A California state official warned the 50 or so in attendance Tuesday that devastation caused by a large quake will require managers to change the way they would typically respond to an emergency. And only by answering some difficult questions ahead of time, Mike Guerin argued, will Wasatch Front communities be able to respond adequately to such a crisis and lay the groundwork for a quick and complete recovery.
"It will be hairy. A lot of people will die, even if you're prepared, but you're going to minimize that with effective action and planning," said Guerin, former deputy director of emergency services for California.
Guerin, hired as a consultant to help conduct the course, was joined by West Valley City Emergency Services Director Kay Sad-ler and Salt Lake County Fire Chief Don Berry as the principal speakers Tuesday, a day devoted to public policy issues as they relate to earthquake disaster management.
Mike Stever, emergency program manager for Salt Lake City, said the daylong session provided him with "four pages of good ideas and things I'd like to champion."
"This is definitely moving in the right direction," Stever said of the level of earthquake preparedness in the Salt Lake area. "We'll catch up fast. . . . There just seems to be a certain sense of urgency throughout the valley - a sense of commitment."
That commitment has translated into a state of preparedness here that in some ways is equivalent to, or even ahead of, California's, Stever argued. He said individuals and families along the Wasatch Front are perhaps better prepared than their West Coast counterparts, in part as a result of the local culture, he said. Many families here have emergency supplies on hand and have secured structures in their homes, like water heaters, to withstand some shaking, he said.
But overall, Guerin estimated, Salt Lake County and Utah are about where California was before the 1986 Coalingacq quake. He shared what his state learned from that quake, and subsequent temblors in Whittier, San Francisco and Northridge.

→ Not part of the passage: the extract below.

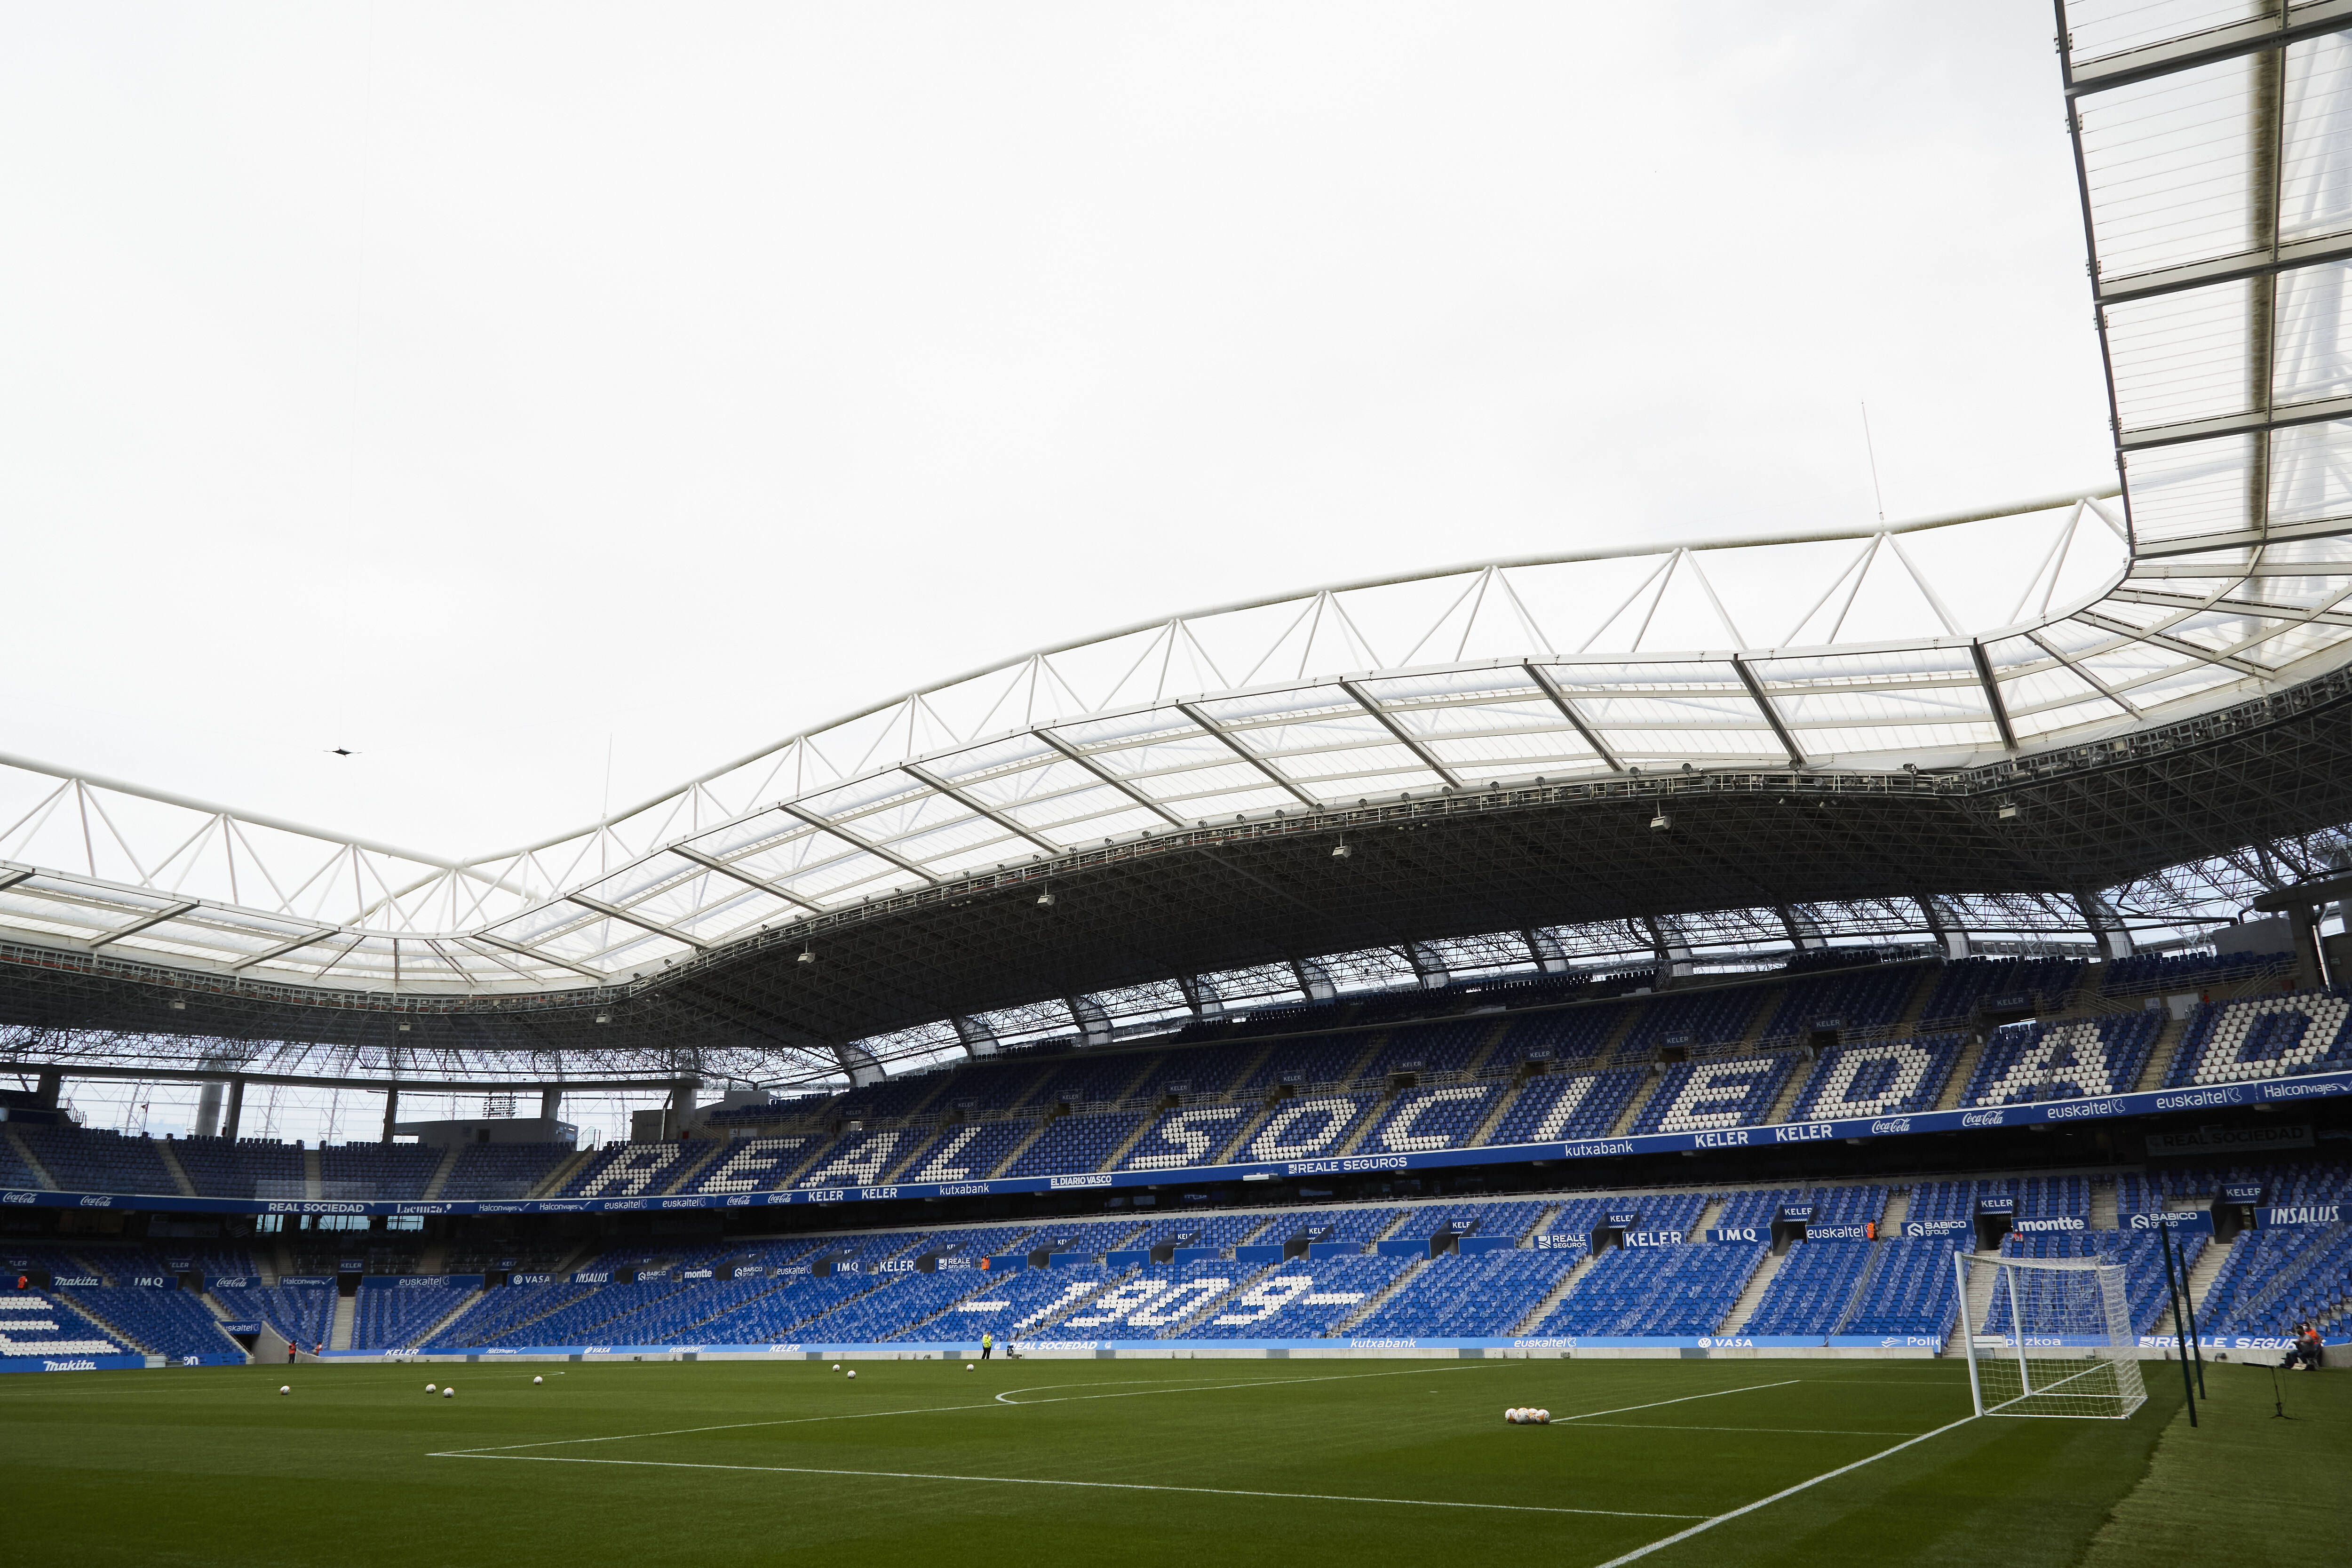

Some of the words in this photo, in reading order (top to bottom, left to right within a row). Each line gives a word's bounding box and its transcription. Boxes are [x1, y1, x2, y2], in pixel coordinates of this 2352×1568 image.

Guerin advised local leaders to tell their municipal employees and emergency crews that, in the event of a major quake, they will be asked to perform duties they don't normally carry out. A deputy sheriff, for example, might be expected to put out a fire, rescue people, evacuate areas, shut off utilities and assess damage in addition to serving as an officer of the law, he said.

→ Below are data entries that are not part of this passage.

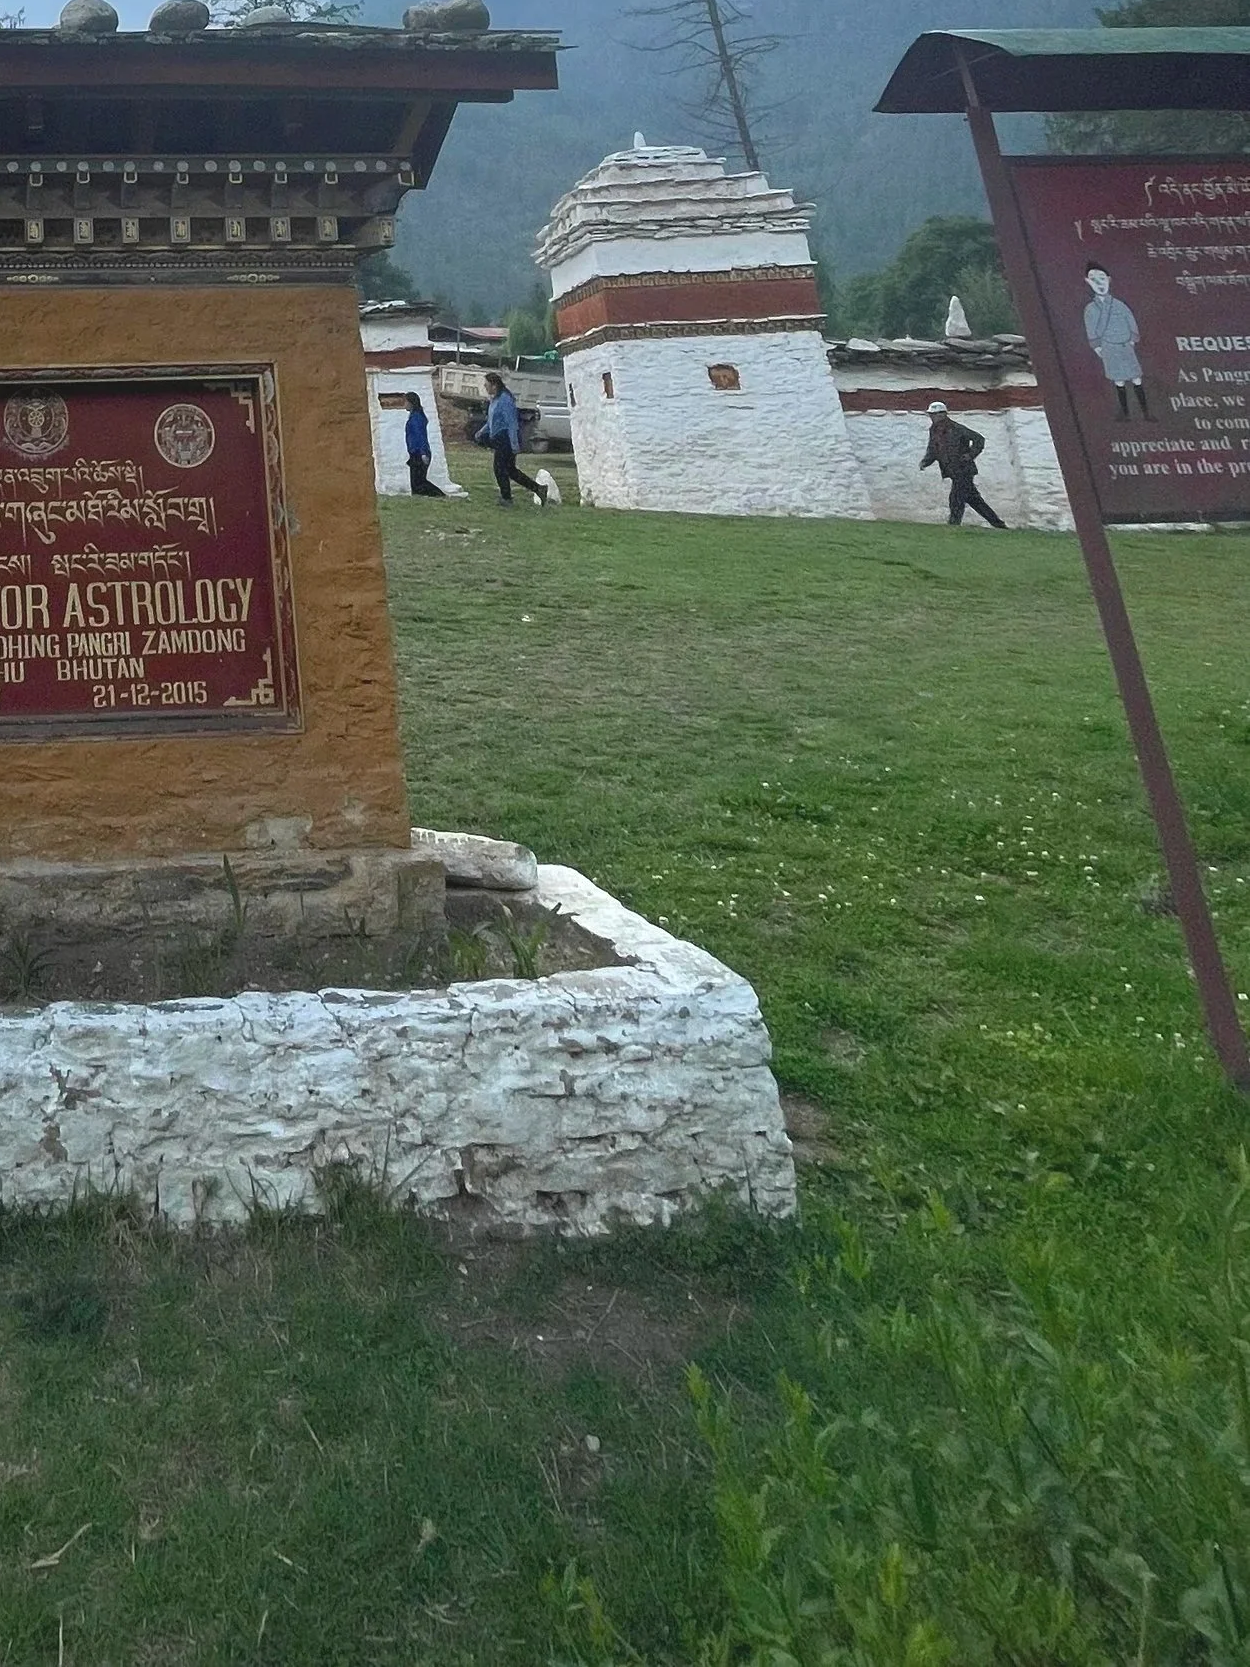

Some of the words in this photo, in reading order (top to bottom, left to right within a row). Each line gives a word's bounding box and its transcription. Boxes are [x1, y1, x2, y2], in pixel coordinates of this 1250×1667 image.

[1178, 368, 1198, 383] As
[1170, 392, 1218, 412] place,
[1222, 395, 1246, 407] we
[1194, 417, 1211, 429] to
[1111, 438, 1196, 457] appreciate
[1201, 436, 1232, 450] and
[1109, 463, 1140, 480] you
[1143, 462, 1170, 475] are
[1174, 458, 1193, 475] in
[1197, 457, 1224, 474] the
[63, 577, 254, 628] ASTROLOGY
[67, 631, 131, 657] PANGRI
[142, 628, 246, 655] ZAMDONG
[57, 657, 144, 681] BHUTAN
[92, 681, 208, 708] 21-12-2015

When it comes to an earthquake, Guerin said cities must restructure the way they would normally react to an emergency.
"If you try to handle your public safety response with that typical approach, you will still be responding call-to-call-to-call six months later," Guerin said. "You have to decide what the first priority is for all the chess pieces out there.
"You can solve a lot of problems by listening to people. The best friend you can have after The Big One hits is your dispatcher."
Communications could be a problem, though, if officials from the county's 13 governmental entities are on different radio frequencies, as is currently the case. Tosh Kano, the county's director of public works, told those in attendance that progress has been made in coordinating those frequencies. Kano is also working on a plan for permanent storage of earthquake debris.
And other government-sponsored programs are under way.
Public service announcements urging people to prepare for a big quake began running on local TV and radio stations last month. The state has planned an April 18 exercise to simulate widespread power outages and utility failures resulting from a major earthquake in Salt Lake City during the winter.